A Tourist in Rome - Temple on the Via delle Botteghe Oscure
Location: | 41.89513, 12.47872 on Via delle Botteghe Oscure just east of Via Michelangelo Caetani, across the street from National Museum of Rome - Crypta Balbi |
Metro: | none, maybe Colosseo |
Time: | about 10 minutes |
Cost: | Free |
Hours: | Viewable at any time |
The Temple on the Via delle Botteghe Oscure was a serendipitous find I made while walking from the Victor Emmanuel Monument to the Turtle Fountain one day. It's just a couple ancient fluted Corinthian columns, which were re-erected in 1954, standing on a podium in front of what looks like a church but is actually an art gallery, I believe, with some crumbled ruins on the ground in front of it.

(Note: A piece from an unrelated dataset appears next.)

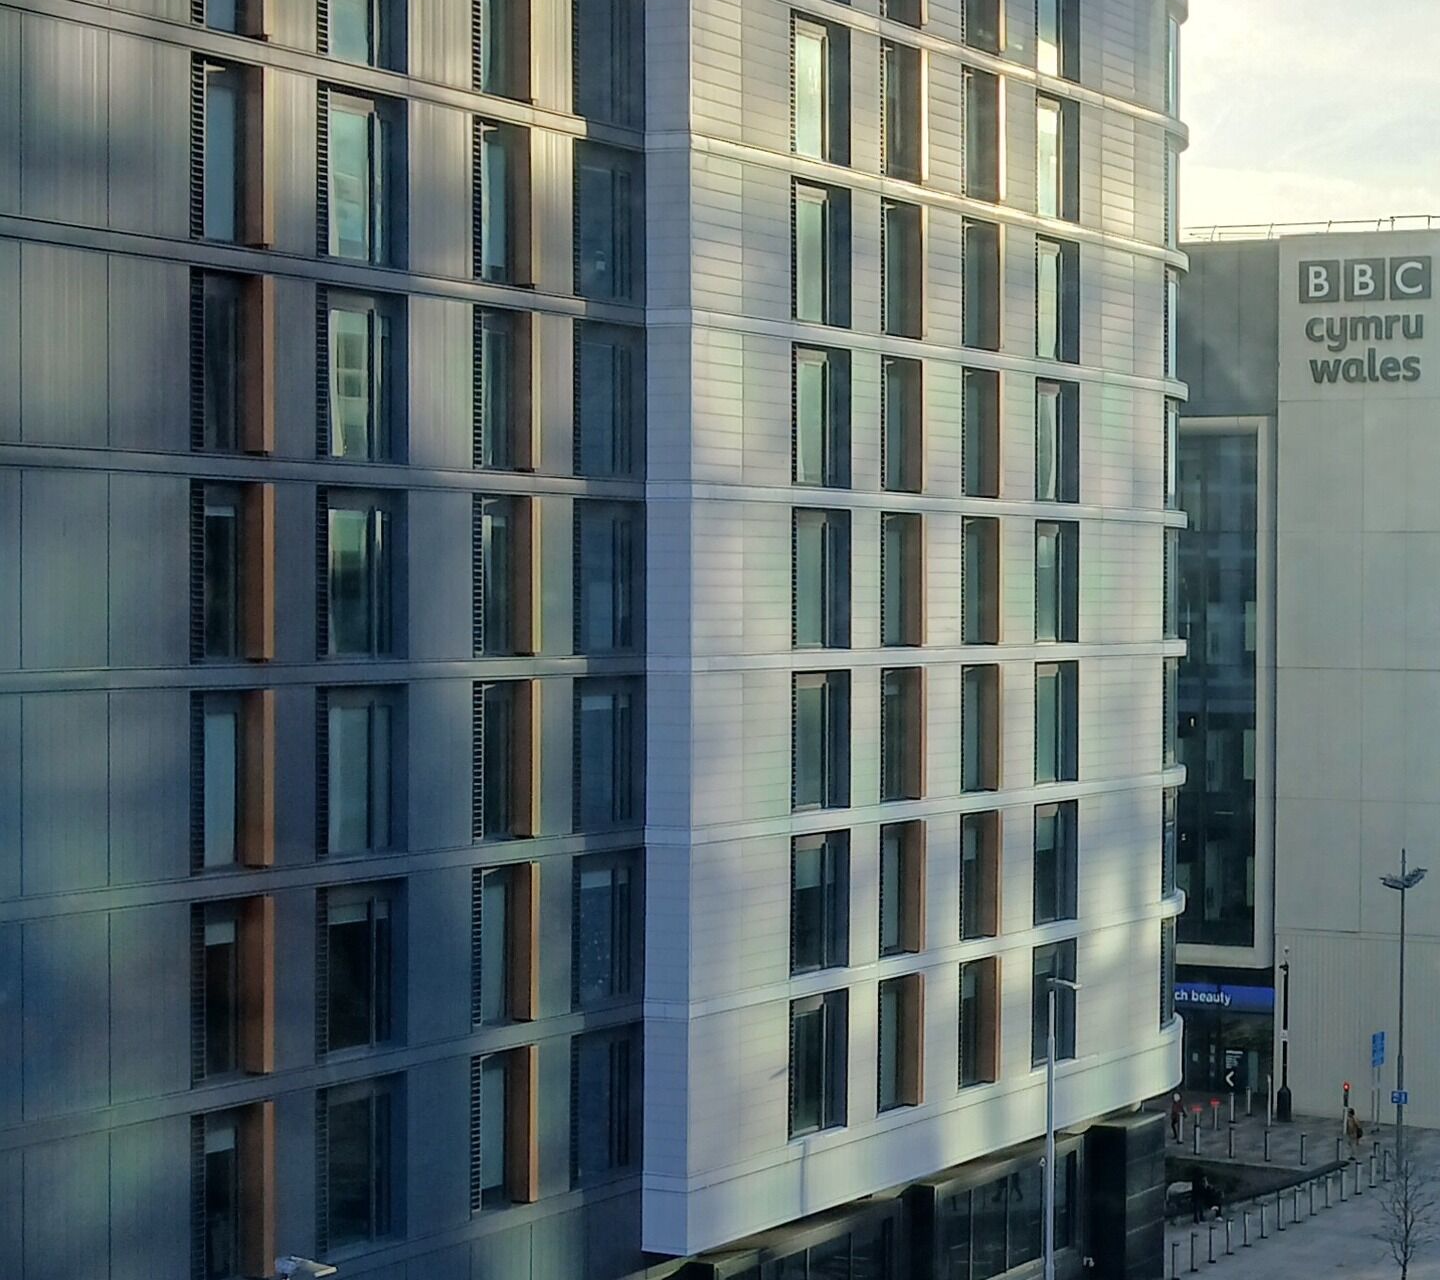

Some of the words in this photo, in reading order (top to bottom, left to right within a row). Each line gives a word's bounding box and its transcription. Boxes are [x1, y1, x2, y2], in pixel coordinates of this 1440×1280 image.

They were found in 1938 either while Via delle Botteghe Oscure was being widened, or while digging the foundations for a new building which was then never built. The ruins were reconstructed based on a fragment from the Forma Urbis. The temple had eight columns across the front and back, and twelve down the sides. The cella had an internal colonnade and held the cult statue. The temple was dedicated to either Lares Permarini, who protected sailors, or to the Nymphs, whose annual festival fell on August 23, and might have been associated with Temple D in Largo di Torre Argentina.